• **Directions**: All lines below starting at the one that holds "this 1280×1079 image." and ending at the one that holds "Some of the text" should be printed exactly, ends included. Pictures should not be printed, nor anything else.

Entries taken from a collection:
* * * * * * *
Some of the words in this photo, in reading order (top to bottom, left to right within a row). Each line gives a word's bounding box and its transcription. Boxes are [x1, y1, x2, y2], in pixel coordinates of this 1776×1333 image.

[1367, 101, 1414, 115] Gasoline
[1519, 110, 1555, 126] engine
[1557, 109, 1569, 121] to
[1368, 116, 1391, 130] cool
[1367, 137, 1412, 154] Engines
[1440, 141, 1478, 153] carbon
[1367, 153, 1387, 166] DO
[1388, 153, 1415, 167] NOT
* * * * * * *
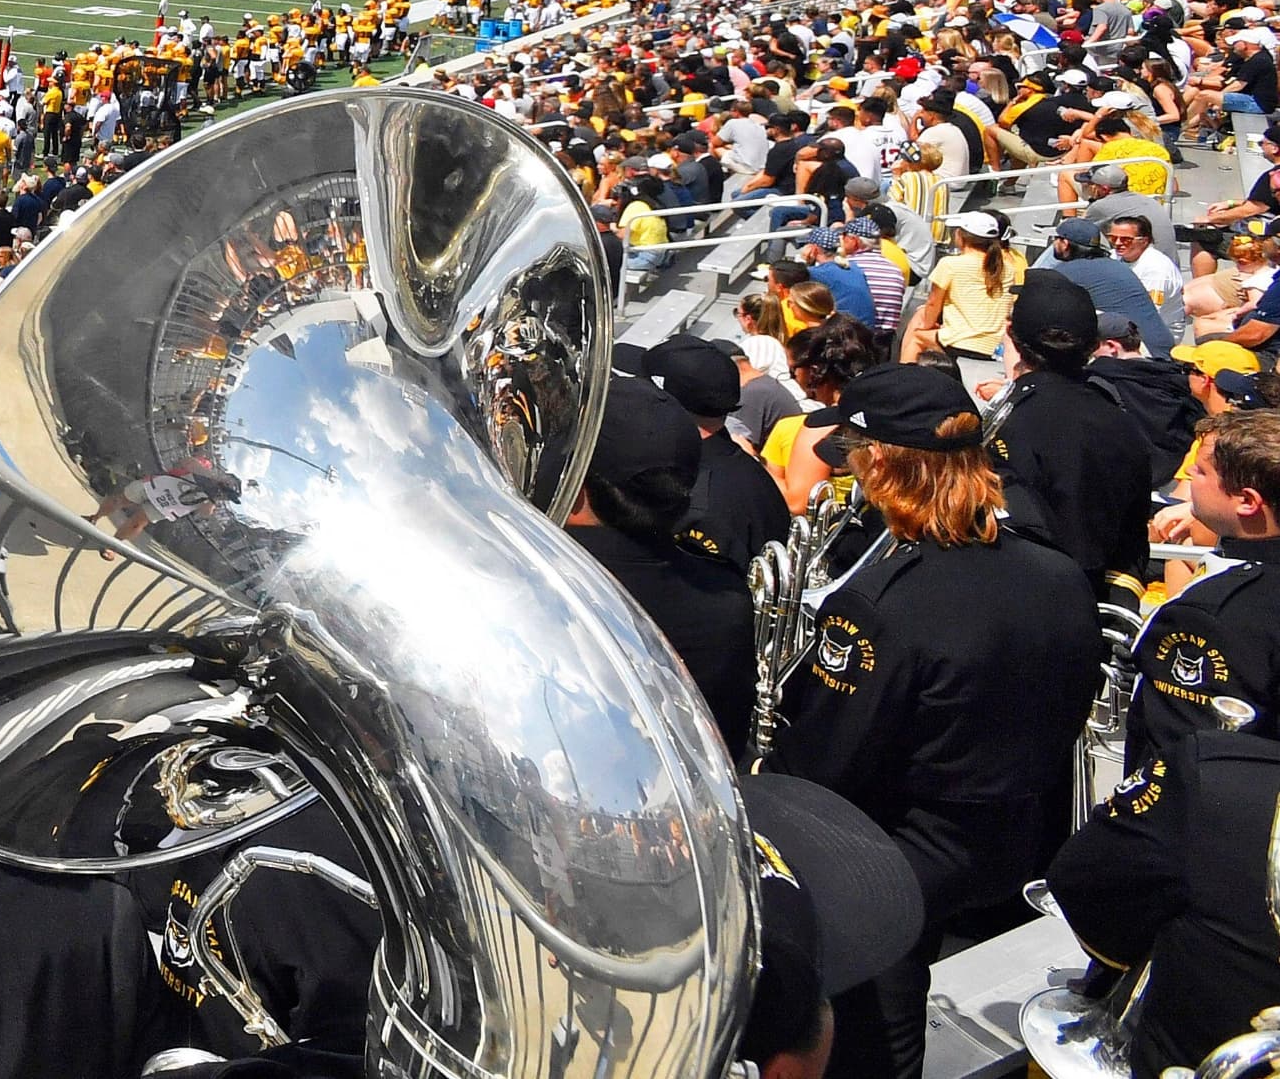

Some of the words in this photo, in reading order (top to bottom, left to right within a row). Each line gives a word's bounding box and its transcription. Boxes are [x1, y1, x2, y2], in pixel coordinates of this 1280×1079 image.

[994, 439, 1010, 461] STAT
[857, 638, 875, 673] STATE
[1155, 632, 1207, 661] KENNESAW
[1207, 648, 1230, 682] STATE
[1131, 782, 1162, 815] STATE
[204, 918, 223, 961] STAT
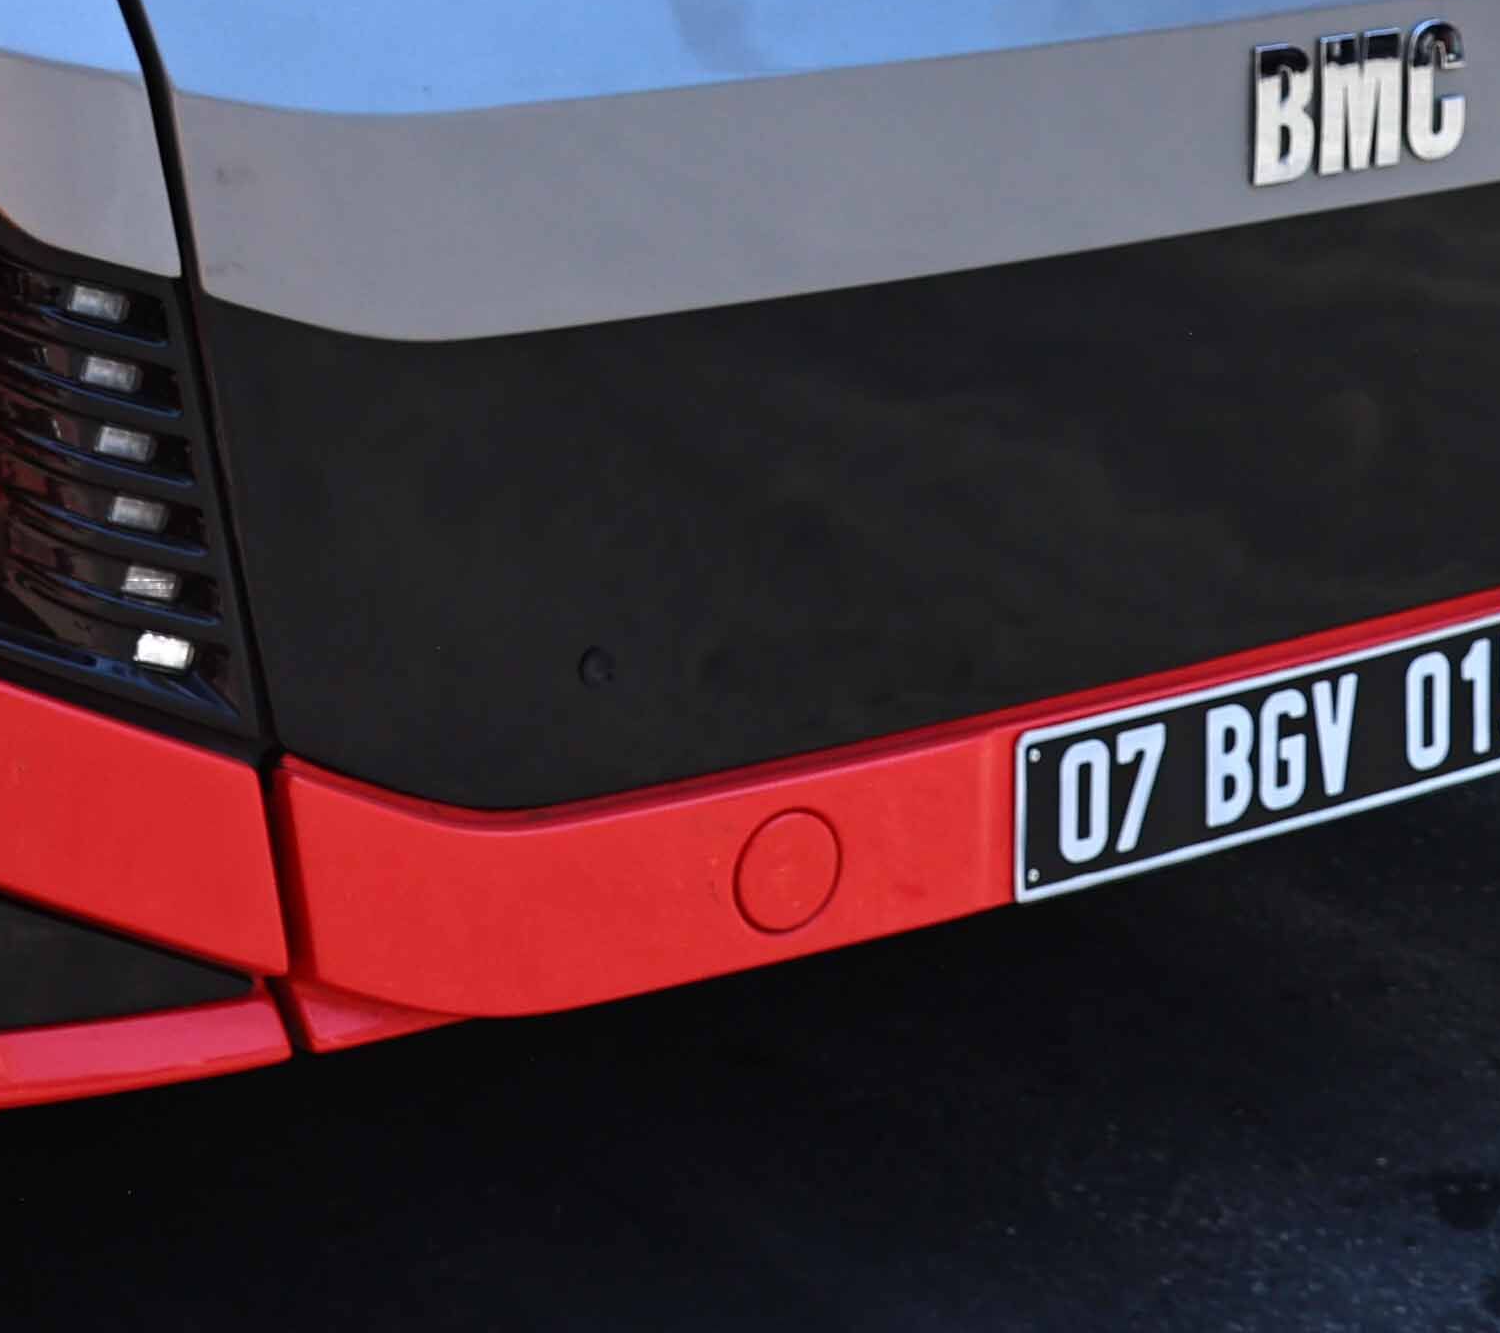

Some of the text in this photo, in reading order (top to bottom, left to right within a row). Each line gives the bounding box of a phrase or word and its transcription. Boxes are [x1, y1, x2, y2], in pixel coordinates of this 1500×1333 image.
* * * * * * *
• **Exercise response**:
Some of the words in this photo, in reading order (top to bottom, left to right within a row). Each line gives a word's bounding box and its transcription. Boxes are [x1, y1, x2, y2], in pixel coordinates of this 1280×1079 image.

[994, 439, 1010, 461] STAT
[857, 638, 875, 673] STATE
[1155, 632, 1207, 661] KENNESAW
[1207, 648, 1230, 682] STATE
[1131, 782, 1162, 815] STATE
[204, 918, 223, 961] STAT

Some of the text in this photo, in reading order (top to bottom, left to right within a row). Each line gives the bounding box of a phrase or word and its transcription. Boxes are [x1, y1, x2, y2], in pixel coordinates of this 1500×1333 image.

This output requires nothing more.